O personagem Morris Heller fala em seu nome quando diz, "escritores nunca deviam falar com jornalistas. A entrevista é uma forma literária degradada que não serve para nada a não ser simplificar o que não deveria nunca ser simplificado"?

 

Eu posso ver que você é uma pessoa bacana, mas aqui nós só vamos ter uma conversa superficial. Com revistas e jornais, tudo é descartável. Eu dou entrevistas para demonstrar boa vontade com os meus editores. Afinal, está tão difícil vender livros. Dar as costas completamente seria falta de educação. Mas não dá para ficar dando entrevista o tempo todo. Eu tento ser econômico.

 

O mesmo editor Morris Heller encontra seu mais antigo autor e contempla o envelhecimento e a mortalidade. São temas que o preocupam mais agora?

 

Eu fiz 65 anos em fevereiro. Nos Estados Unidos, sou oficialmente um cidadão que entrou na velhice. É um choque. O avanço dos anos começa a tomar conta de você. Tanta gente importante para mim tem morrido, eu me sinto cercado de fantasmas. Acho que falo com fantasmas tanto quanto falo com os vivos. Você se pergunta: como aquele menino ficou tão velho?

 

O Brooklyn é um personagem de Sunset Park. O senhor comentou sobre a importância de locais onde estranhos se encontram num bairro.

 

Eles tornam a vida na cidade mais suportável e menos solitária.
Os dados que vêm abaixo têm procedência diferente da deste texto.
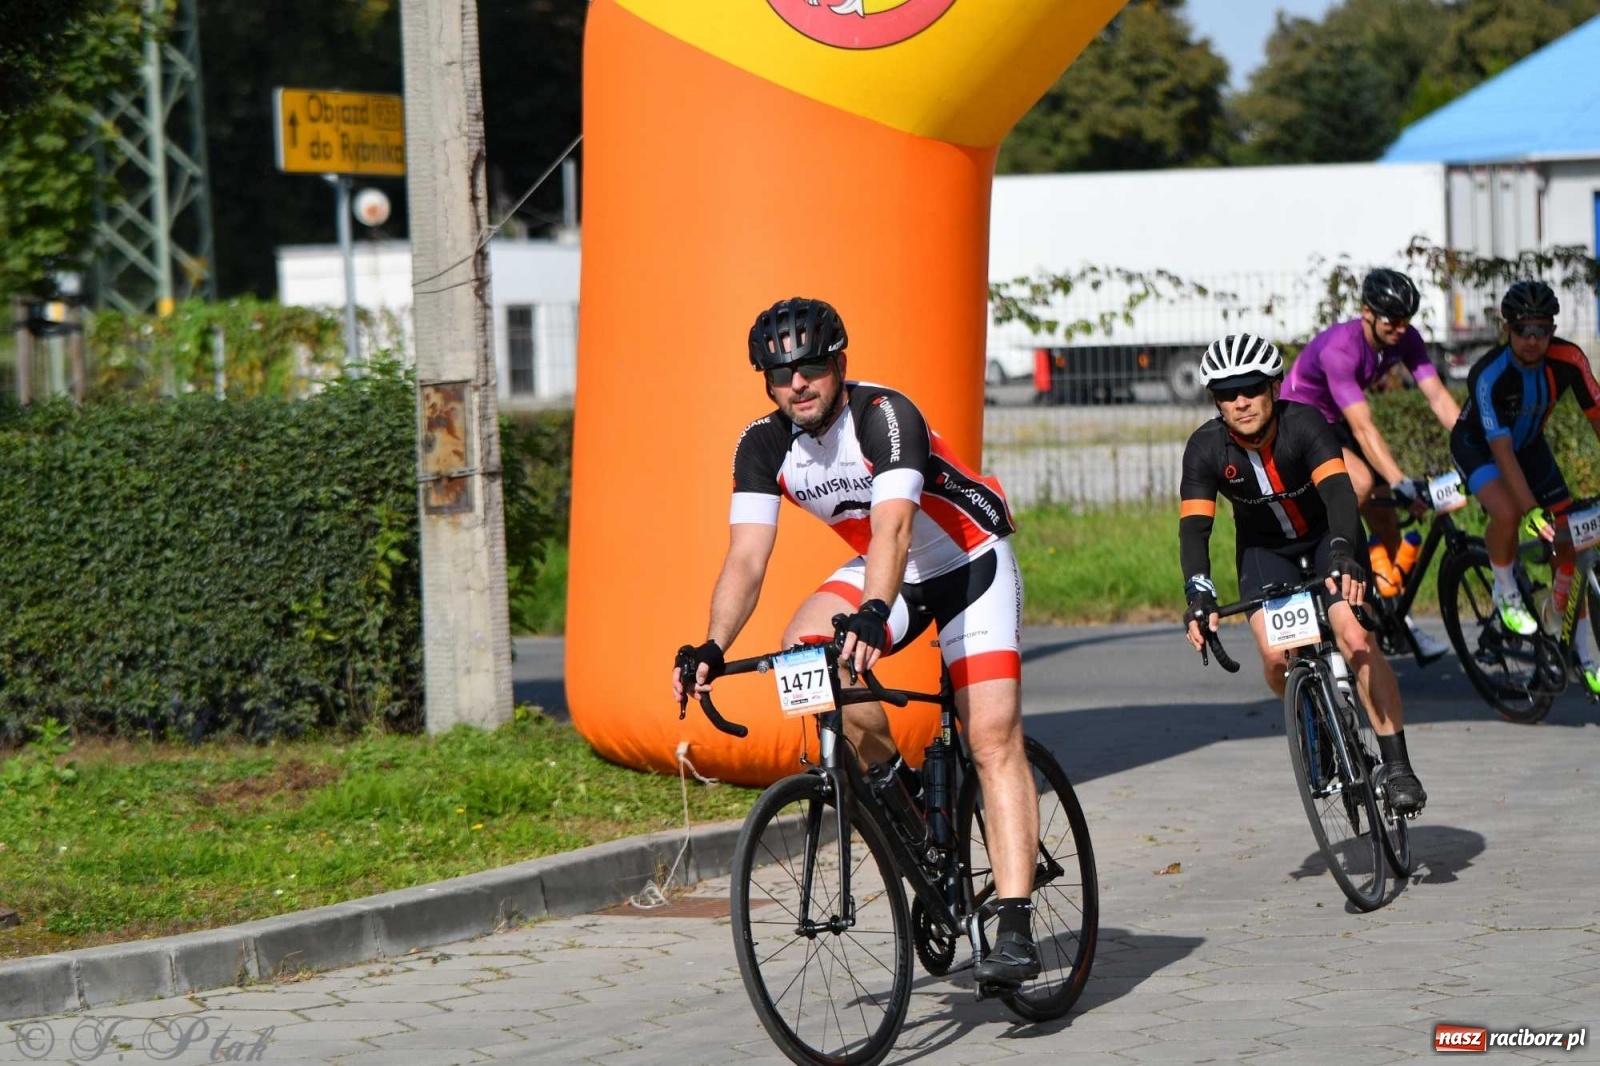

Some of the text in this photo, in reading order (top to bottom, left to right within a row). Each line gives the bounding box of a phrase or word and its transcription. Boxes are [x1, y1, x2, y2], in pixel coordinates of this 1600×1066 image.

Mas sei que é diferente de São Paulo. Aquela cidade é gigantesca. Não me lembro quando estive lá (em 2004, lembro) mas minha mulher Siri e eu tomamos o avião de volta para Nova York e houve uma pane. Levaram todos os passageiros para um hotel perto de uma estrada. Quando acordei de manhã vi a linha dos arranha-céus de São Paulo, sob uma nuvem esverdeada. Achei que estava no filme Alphaville do Godard, já não estava mais neste planeta.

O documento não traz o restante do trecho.